Vincolo triennale per i docenti assunti da GPS sostegno
L'accesso a tale flessibilità presenta un'importante eccezione legata ai vincoli di permanenza introdotti dalle recenti manovre sul reclutamento. I docenti assunti a tempo indeterminato tramite la procedura straordinaria dalle GPS di prima fascia sul sostegno sono soggetti al vincolo triennale.
Per questi insegnanti, la norma impone di svolgere effettivamente tre anni di servizio sul sostegno prima di poter richiedere mobilità, assegnazione provvisoria o accettare incarichi di supplenza su altre classi di concorso ai sensi dell'articolo 47 del CCNL. Soltanto al termine del triennio la piena mobilità professionale ritorna accessibile.
Chiarimenti per i precari: tre anni di servizio non danno il ruolo automatico
Accanto ai dubbi sulla presenza dei docenti di ruolo nelle graduatorie, il dibattito di questo periodo estivo ha riguardato la stabilizzazione dei supplenti con lunga anzianità di servizio.

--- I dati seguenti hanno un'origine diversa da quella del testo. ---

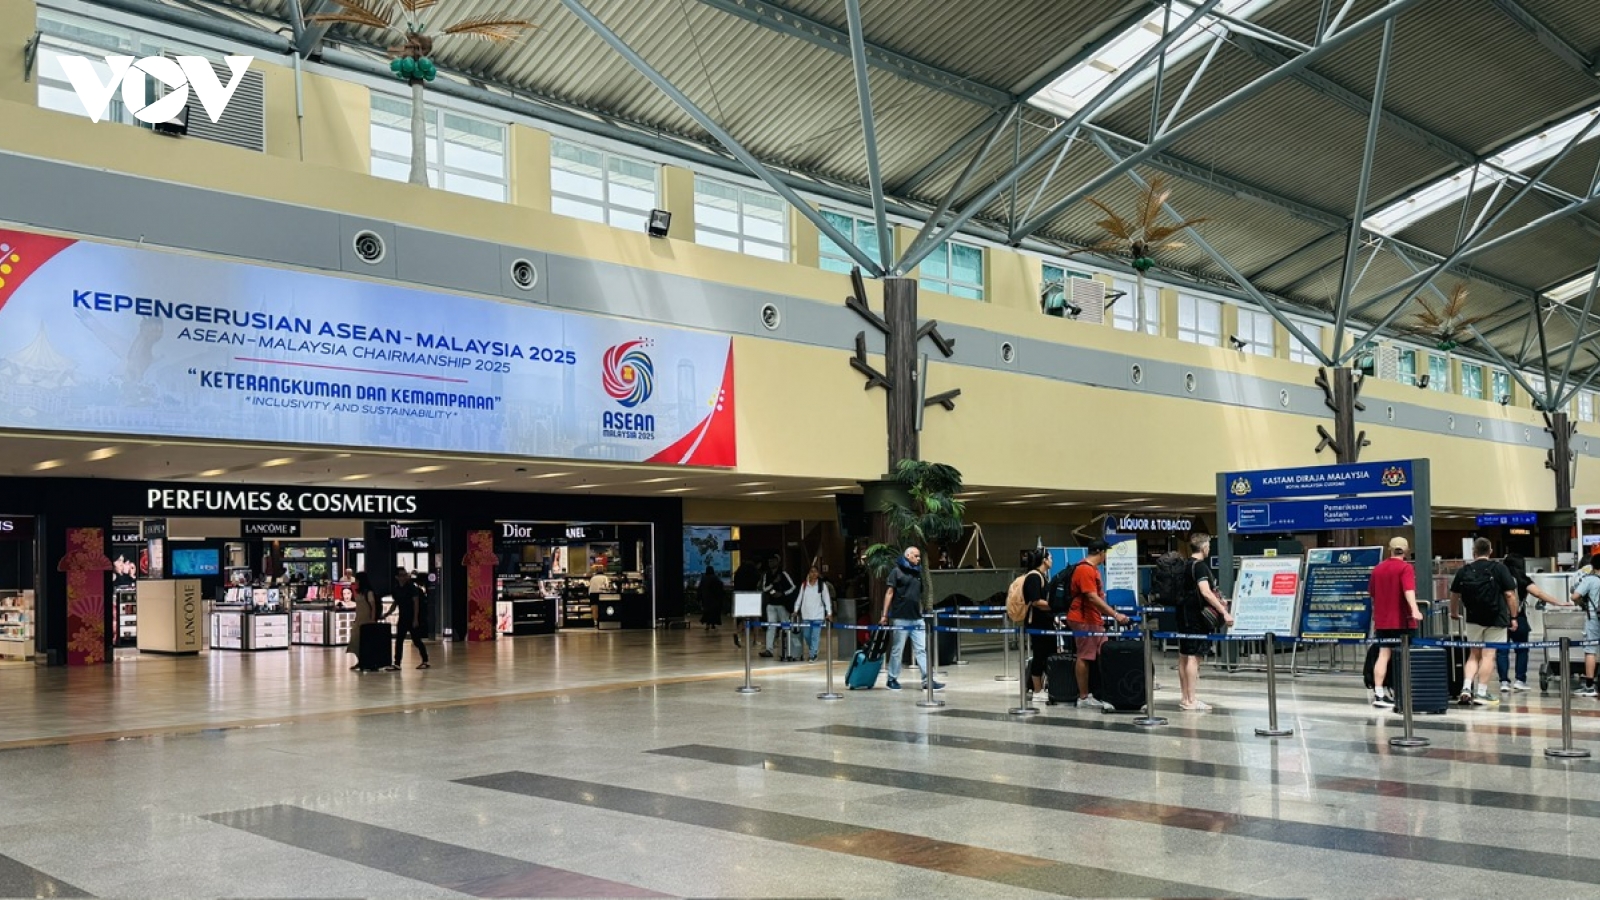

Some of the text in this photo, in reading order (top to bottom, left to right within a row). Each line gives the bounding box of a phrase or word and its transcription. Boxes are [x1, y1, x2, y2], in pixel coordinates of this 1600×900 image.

Va ricordato che il raggiungimento di tre annualità di servizio (ovvero tre anni scolastici con almeno 180 giorni di servizio ciascuno o servizio continuativo dal 1° febbraio fino agli scrutini finali) non genera in alcun modo un diritto automatico all'immissione in ruolo o all'assunzione diretta.
I tre anni di servizio costituiscono un requisito di accesso per concorsi riservati o per determinati percorsi abilitanti, ma la stabilizzazione a tempo indeterminato avviene esclusivamente attraverso le procedure concorsuali ordinarie e straordinarie o mediante lo scorrimento delle graduatorie ad esaurimento (GAE) e delle GPS di prima fascia sul sostegno nei limiti posti dalla legislazione vigente.
Cosa fare e cosa controllare
In questa fase della stagione scolastica, la raccomandazione principale per tutti gli aspiranti inseriti nelle graduatorie riguarda la veridicità e l'esattezza dei propri dati presenti a sistema.
- Per i docenti di ruolo: è opportuno verificare tramite l'albo dell'Ufficio Scolastico della propria provincia che il depennamento sia stato registrato in modo corretto soltanto per la classe di concorso di titolarità, mantenendo l'inserimento per le altre classi non oggetto di immissione in ruolo.
- Per i docenti precari: occorre monitorare costantemente i canali ufficiali e i siti dei rispettivi Uffici Scolastici Territoriali per le indicazioni sulla scelta delle preferenze per le attribuzioni delle supplenze al 30 giugno e 31 agosto.